Die Medihexe erbleichte, als sie das Blut sah, das Severus von Kopf bis Fuß durchtränkte und seinen Umhang an ihn klebte wie Flügel voller Teer. Sie rannte auf ihn zu und rutschte beinahe auf dem Blut, das ihn umgab, aus, als sie vor ihm stehenblieb. McGonagall hatte ihr gesagt, dass es nicht sein Blut wäre, aber Pomfrey fand das im Moment beinahe unmöglich zu glauben.
Sie untersuchte ihn mit ihrem Zauberstab. "Severus? Severus!"
Er wimmerte.
"Er befindet sich in einem Schock", erklärte sie Dumbledore. "Warum ist er noch immer -"
"Ich habe versucht, das Blut mit einem Zauberspruch zu entfernen, aber es hat nicht funktioniert."
"Es hat nicht funktioniert?"
"Lasst ihn uns von seinen Kleidern befreien", sagte Lupin.
Wiederum murmelte der Direktor einen Spruch, und wiederum passierte nichts.
"Es muss etwas mit dem Blut zu tun haben", sagte Dumbledore. "Ich habe noch nie zuvor solch dunkle Magie gesehen."
"Komm, Severus, wir ziehen dir diese Kleider aus", sagte Lupin und versuchte, ihn vom Boden hochzuziehen.
Severus hob den Kopf, der dicke, rote Schlamm tropfte von seinem Gesicht. "Mörder, ich bin ... ein Mörder ..."
"Dreht ihn auf den Rücken", befahl Pomfrey, und gleich darauf kämpften sie alle damit, die blutverklebten Knöpfe seiner Robe zu öffnen, die ihn gefangenhielt.
"Verdammt noch mal!" fluchte Lupin und begann, den Stoff zu zerreißen.
McGonagall riss dem Zaubertrankmeister die Schuhe von den Füßen, und Pomfrey zog ihm die Hose aus. Die drei Professoren und die Medihexe waren außer Atem und rasend; Severus hatte das Bewusstsein verloren.
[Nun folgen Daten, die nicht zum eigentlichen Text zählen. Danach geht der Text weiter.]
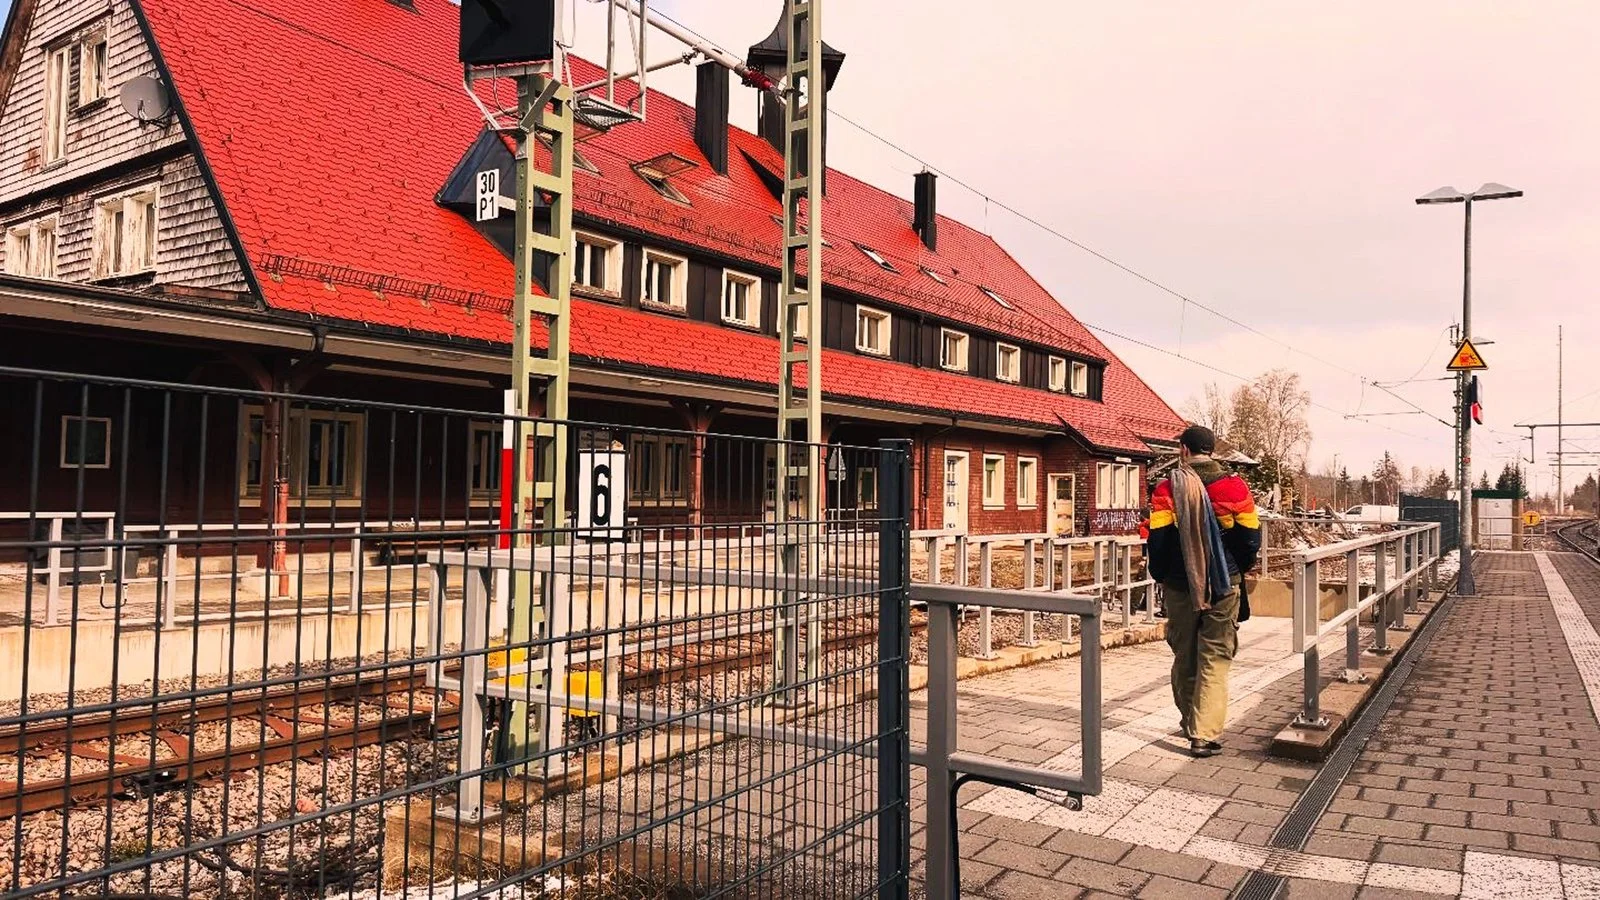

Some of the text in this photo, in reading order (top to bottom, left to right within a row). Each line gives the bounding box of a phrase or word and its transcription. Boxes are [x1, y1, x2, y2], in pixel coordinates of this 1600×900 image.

Dann bemerkte der Direktor etwas.
Die blutbefleckte Ecke eines Stücks Papier ragte aus einer von Severus´ Taschen. Dumbledore zog es heraus und entfaltete es, dann flüsterte er: "Was in Merlins Namen ..."
Lupin, McGonagall und Pomfrey hielten inne und ihre Augen trafen die des Direktors.
"Albus?" sagte McGonagall.
Der Direktor zeigte ihnen, was auf dem Papier stand, und sie schnappten nach Luft.
Es war eine seltsame Art von Pentagramm, ausgefüllt mit Symbolen, die ihnen Angst machten; in der Mitte war die Karikatur einer gehörnten Ziege. Die Worte Severus Snape waren mit krummer Schrift oben auf das Papier gekritzelt.
Lupin wollte etwas sagen, als das Papier in Flammen aufging und sich auflöste.